Toronto-born, Novak graduated from local York University intending to be a writer ("No kid goes to bed at night dreaming he'll be a ghostwriter"). After earning an M.A. in contemporary Jewish studies at Brandeis, he spent ten years editing scholarly magazines and writing a string of financially unsuccessful books (among them: High Culture, about marijuana use, The Great American Man Shortage and a compendium of Jewish humor). Just as he resigned himself to "finding a real job," an editor friend at Bantam suggested Lee Iacocca. "Great! My kind of guy," said Novak, who had never heard of Iacocca.
His success as a collaborator has brought him a comfortable life in an affluent suburb of Boston that enables him, as he says, "to buy raspberries instead of apples." He is currently compiling an anthology of American humor and mulling future celebrity subjects.

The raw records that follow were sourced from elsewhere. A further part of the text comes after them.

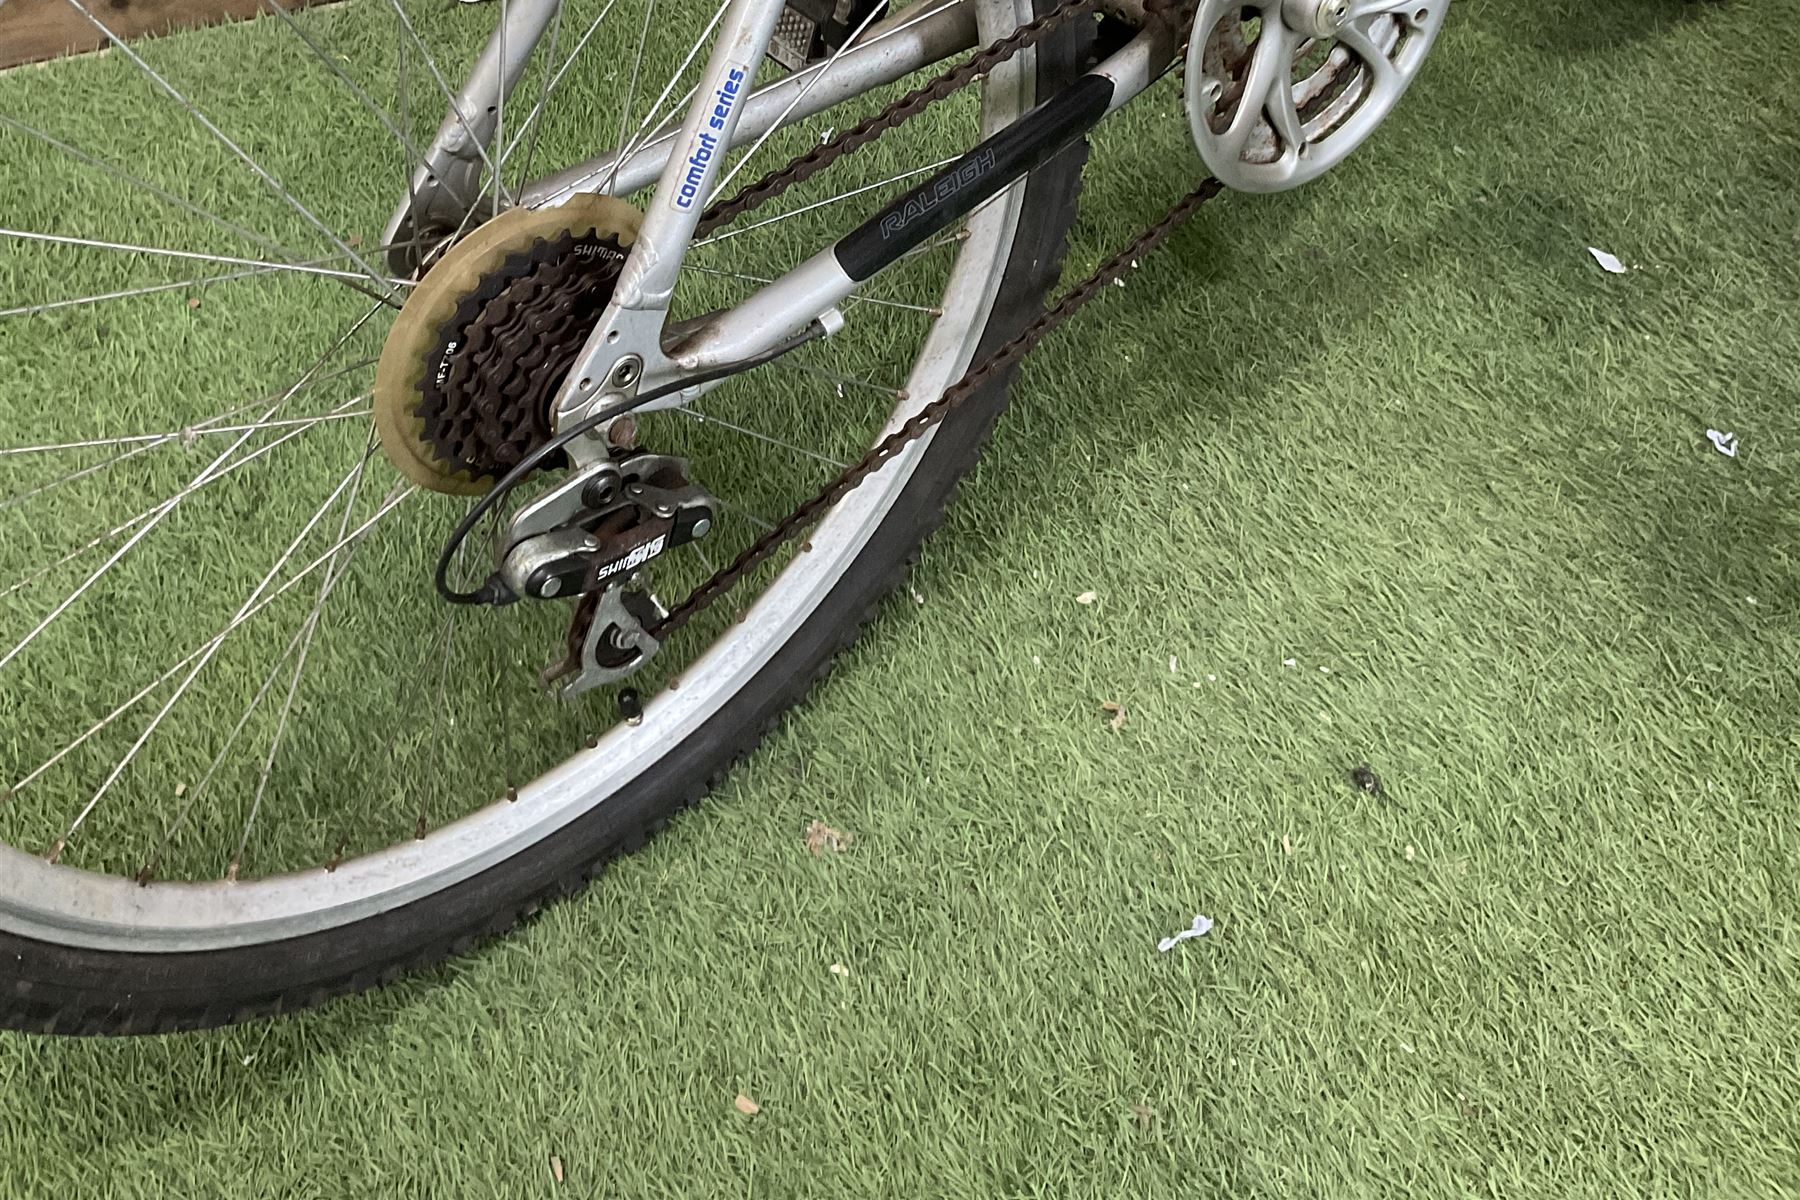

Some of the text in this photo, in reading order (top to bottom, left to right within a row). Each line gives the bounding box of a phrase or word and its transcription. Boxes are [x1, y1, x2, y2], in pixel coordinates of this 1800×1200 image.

[676, 68, 744, 208] comfort series
[880, 147, 996, 240] RALEIGH
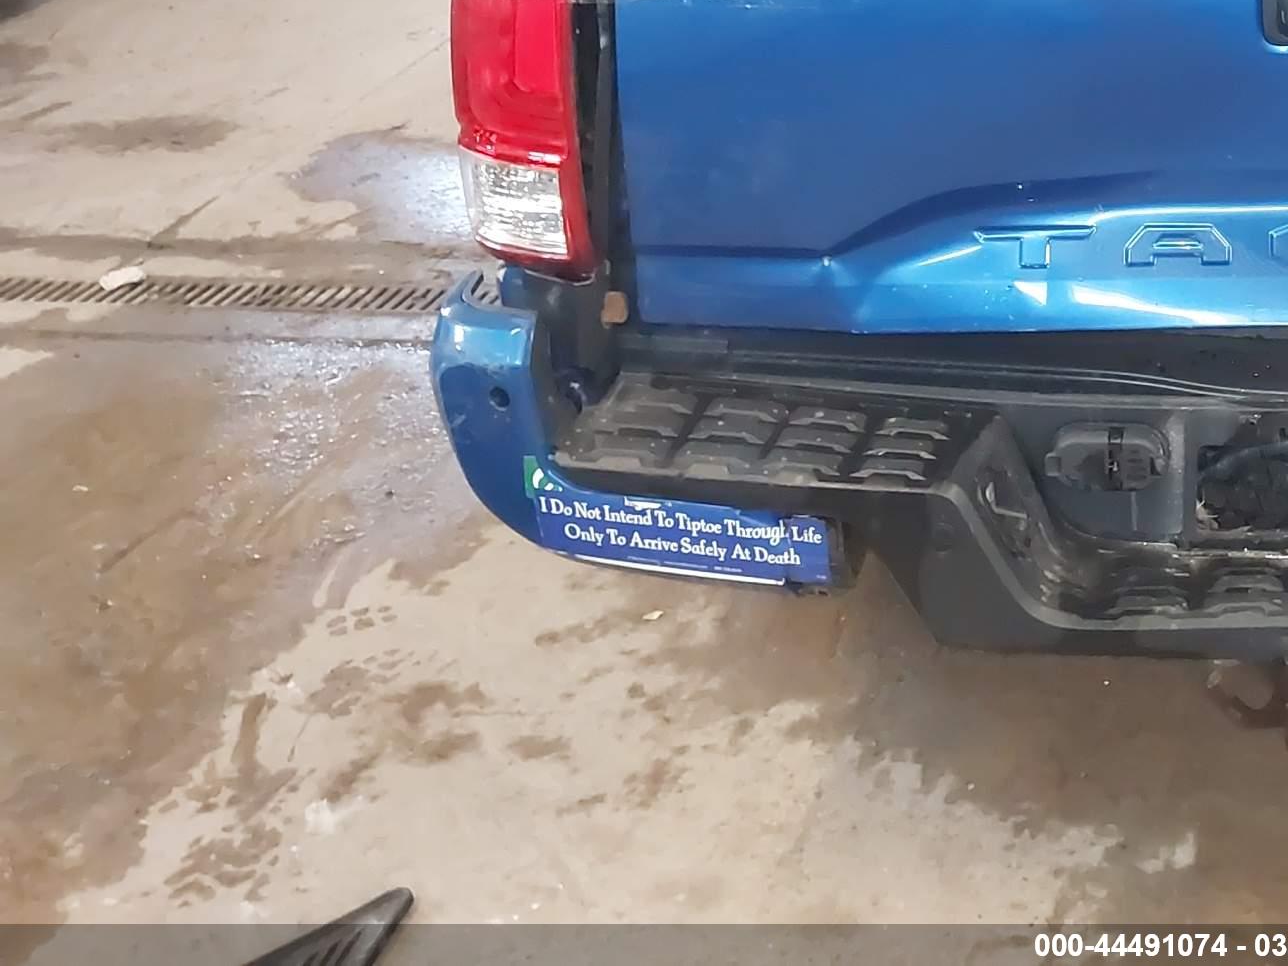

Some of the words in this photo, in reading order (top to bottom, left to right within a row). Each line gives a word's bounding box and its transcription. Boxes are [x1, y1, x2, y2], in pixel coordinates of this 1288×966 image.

[539, 496, 549, 513] I
[550, 498, 573, 516] Do
[573, 501, 602, 521] Not
[603, 505, 653, 526] Intend
[654, 510, 675, 528] To
[675, 512, 723, 537] Tiptoe
[791, 525, 823, 544] Life
[564, 523, 604, 546] Only
[606, 528, 627, 545] To
[630, 531, 679, 552] Arrive
[680, 537, 727, 561] Safely
[731, 543, 752, 561] At
[753, 546, 801, 565] Death

He muses about Mikhail Gorbachev ("but somehow I think he's busy right now"), and, as a music lover who has recently resumed piano lessons, he thinks about Paul McCartney or Barbra Streisand. "Or Elvis, if he can find him," wisecracks Ben, 10, one of the Novaks' two sons. As for a return to the solo byline of William Novak, he says it's not soon likely. "I get far more ego gratification and attention from these books than I ever did from my own." But aren't the celebrity books his own too? No. This John Alden, unlike the original, shrinks from speaking for himself. "I don't fool myself into thinking that my books are best sellers," he says. "The celebrities are the selling point."